[DESCRIPTION OF THE TASK] An exact repetition of every entry, with no images, is the required answer.

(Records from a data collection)
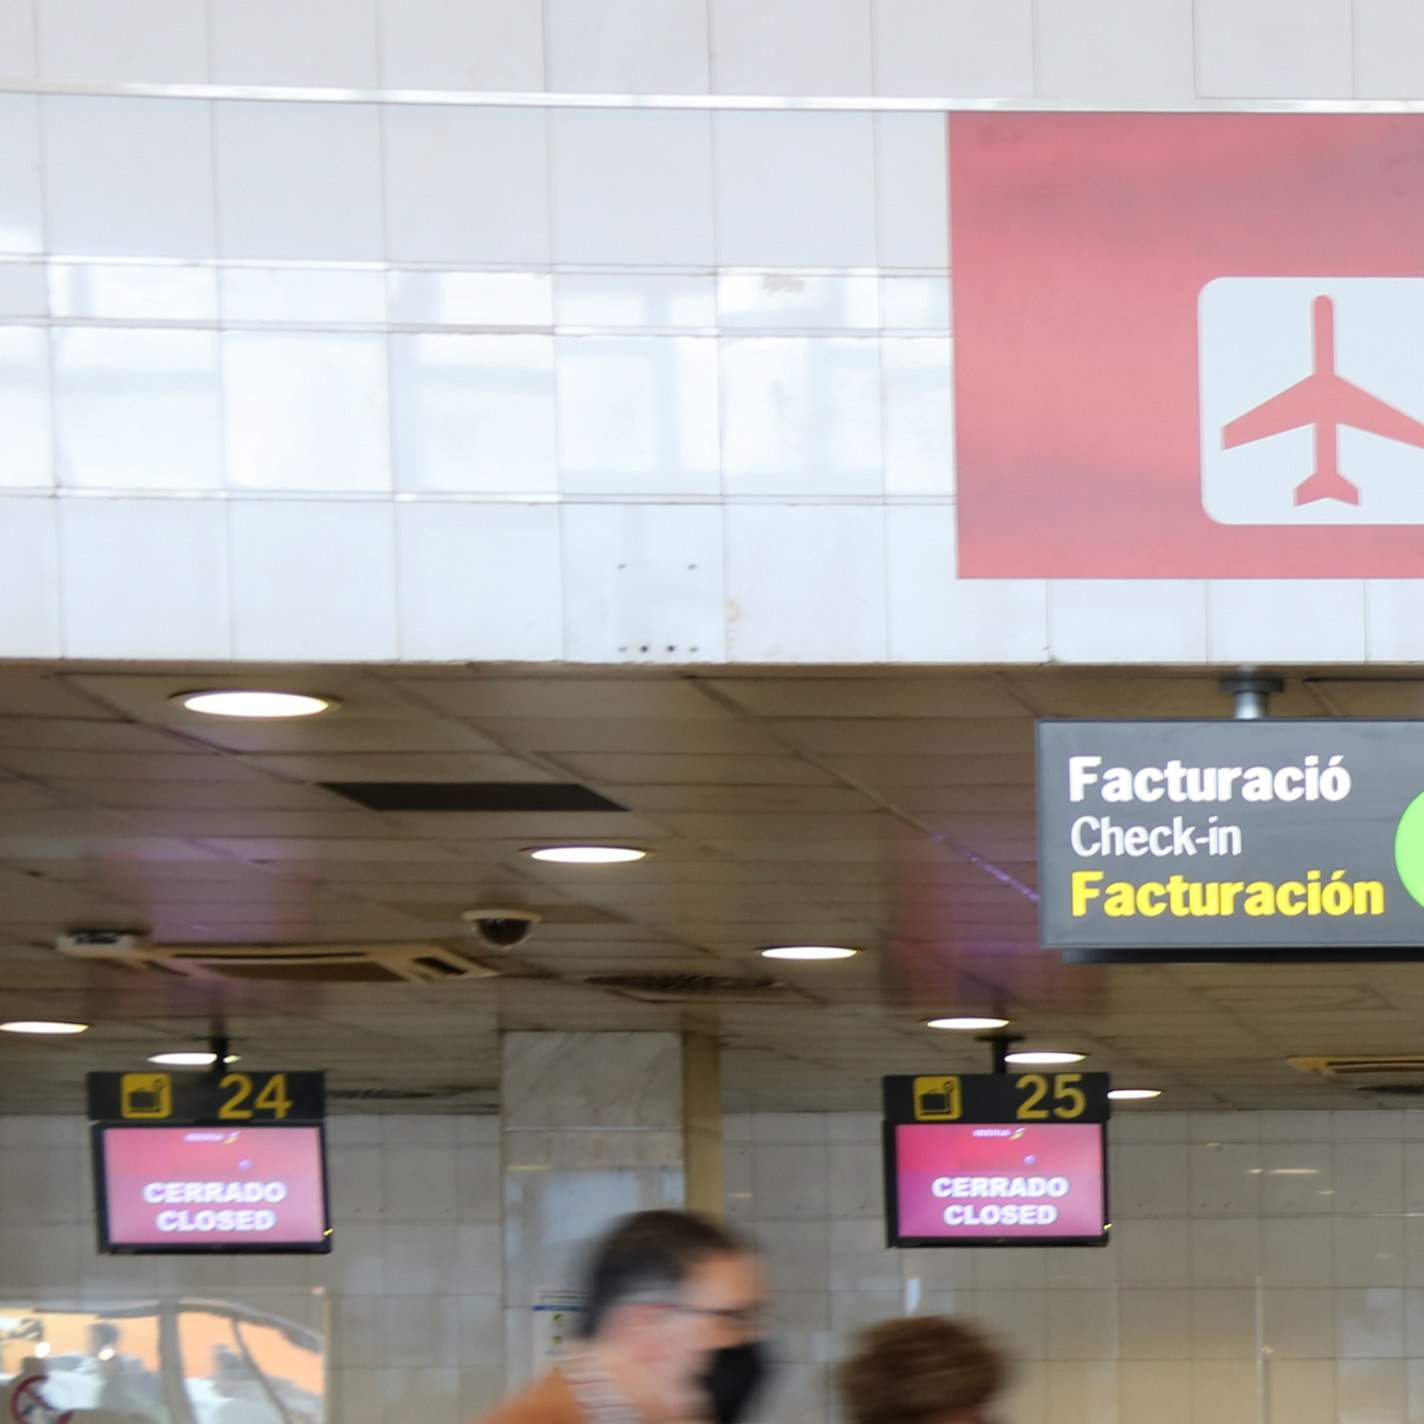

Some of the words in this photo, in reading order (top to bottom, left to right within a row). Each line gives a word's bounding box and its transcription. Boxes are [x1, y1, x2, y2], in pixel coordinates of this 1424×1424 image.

[1069, 755, 1352, 804] Facturació
[1071, 815, 1242, 858] Check-in
[1071, 869, 1385, 918] Facturación
[218, 1073, 292, 1119] 24
[1015, 1074, 1087, 1119] 25
[143, 1181, 288, 1204] CERRADO
[931, 1176, 1070, 1198] CERRADO
[155, 1209, 277, 1232] CLOSED
[942, 1204, 1059, 1226] CLOSED
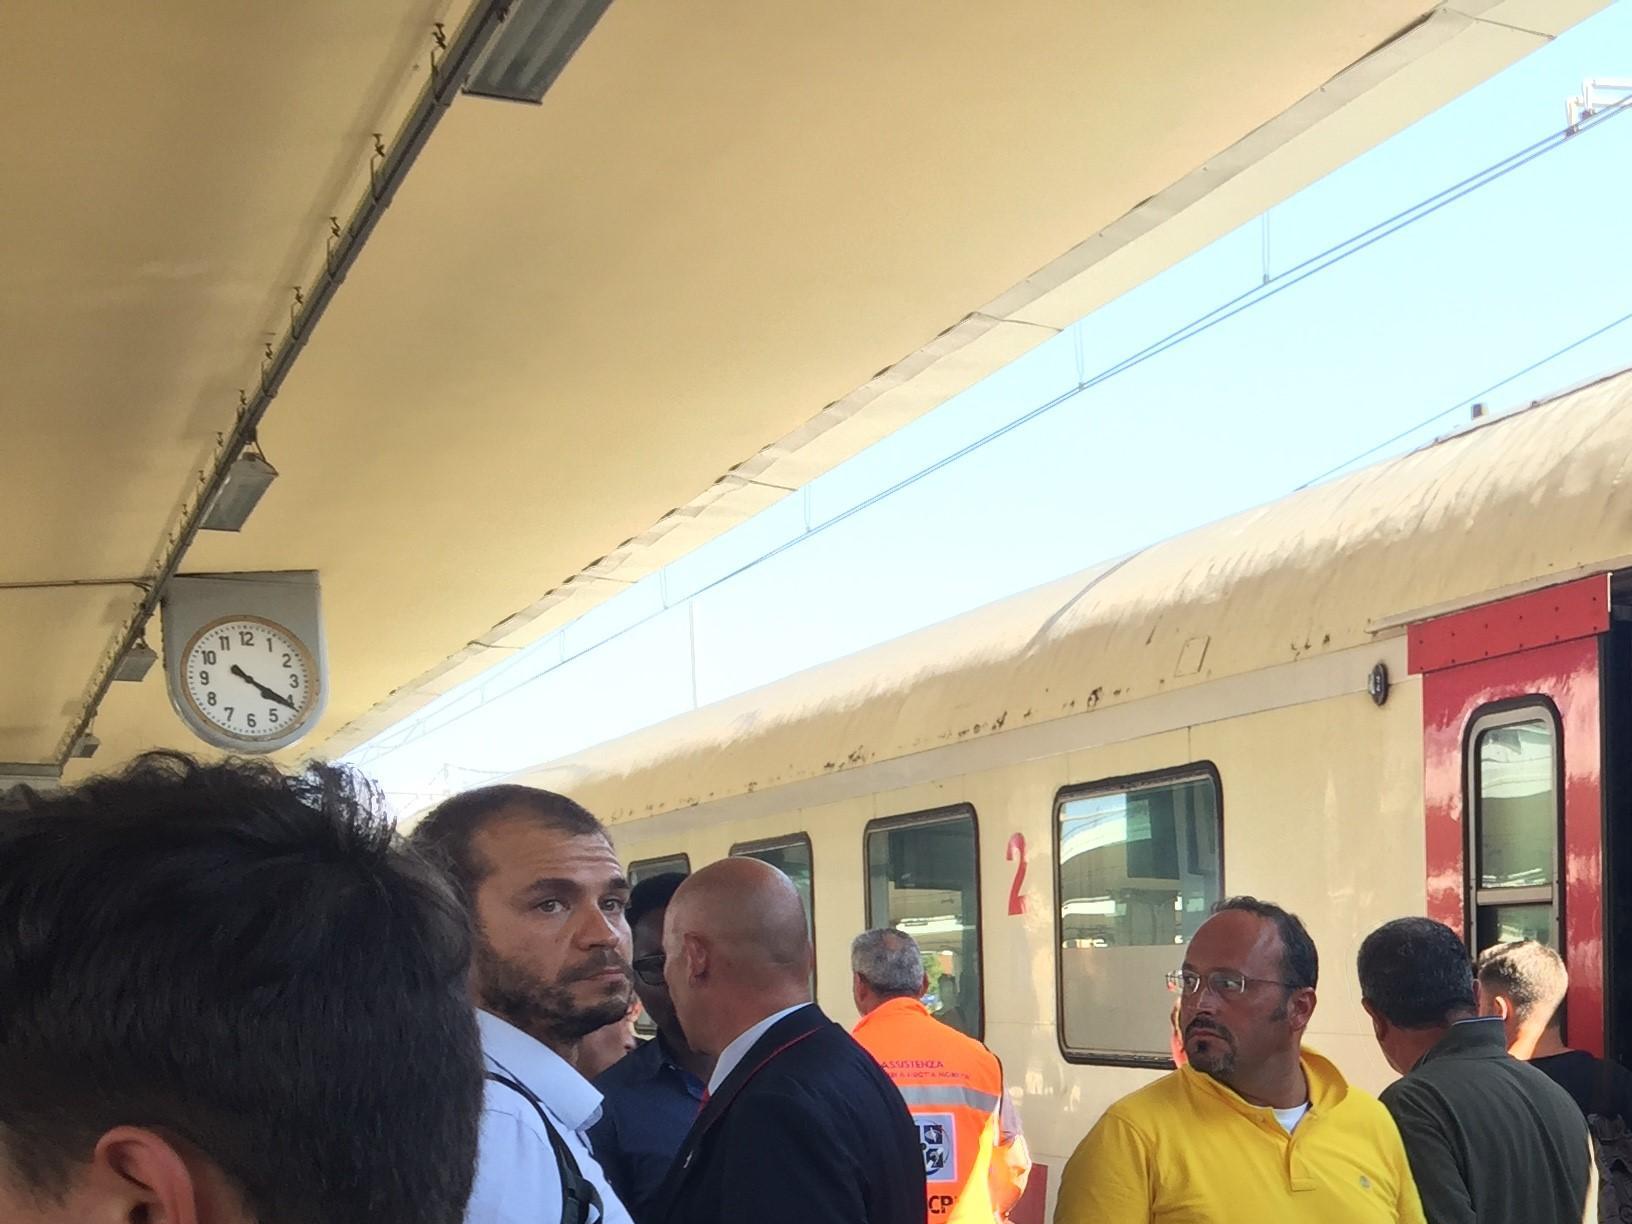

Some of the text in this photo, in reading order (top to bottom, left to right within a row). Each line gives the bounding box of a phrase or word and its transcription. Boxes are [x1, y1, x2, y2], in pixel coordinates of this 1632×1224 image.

[219, 635, 231, 651] 11
[239, 631, 255, 646] 12
[266, 638, 273, 652] 1
[201, 650, 217, 665] 10
[282, 653, 292, 668] 2
[200, 671, 210, 686] 9
[289, 674, 300, 689] 3
[207, 692, 217, 706] 8
[224, 707, 235, 722] 7
[247, 713, 257, 728] 6
[269, 708, 279, 723] 5
[1006, 831, 1027, 916] 2

[OUTPUT OF THE EXERCISE]
Some of the words in this photo, in reading order (top to bottom, left to right within a row). Each line gives a word's bounding box and its transcription. Boxes are [x1, y1, x2, y2], in pixel coordinates of this 1424×1424 image.

[1069, 755, 1352, 804] Facturació
[1071, 815, 1242, 858] Check-in
[1071, 869, 1385, 918] Facturación
[218, 1073, 292, 1119] 24
[1015, 1074, 1087, 1119] 25
[143, 1181, 288, 1204] CERRADO
[931, 1176, 1070, 1198] CERRADO
[155, 1209, 277, 1232] CLOSED
[942, 1204, 1059, 1226] CLOSED

Some of the text in this photo, in reading order (top to bottom, left to right within a row). Each line gives the bounding box of a phrase or word and its transcription. Boxes are [x1, y1, x2, y2], in pixel coordinates of this 1632×1224 image.

[219, 635, 231, 651] 11
[239, 631, 255, 646] 12
[266, 638, 273, 652] 1
[201, 650, 217, 665] 10
[282, 653, 292, 668] 2
[200, 671, 210, 686] 9
[289, 674, 300, 689] 3
[207, 692, 217, 706] 8
[224, 707, 235, 722] 7
[247, 713, 257, 728] 6
[269, 708, 279, 723] 5
[1006, 831, 1027, 916] 2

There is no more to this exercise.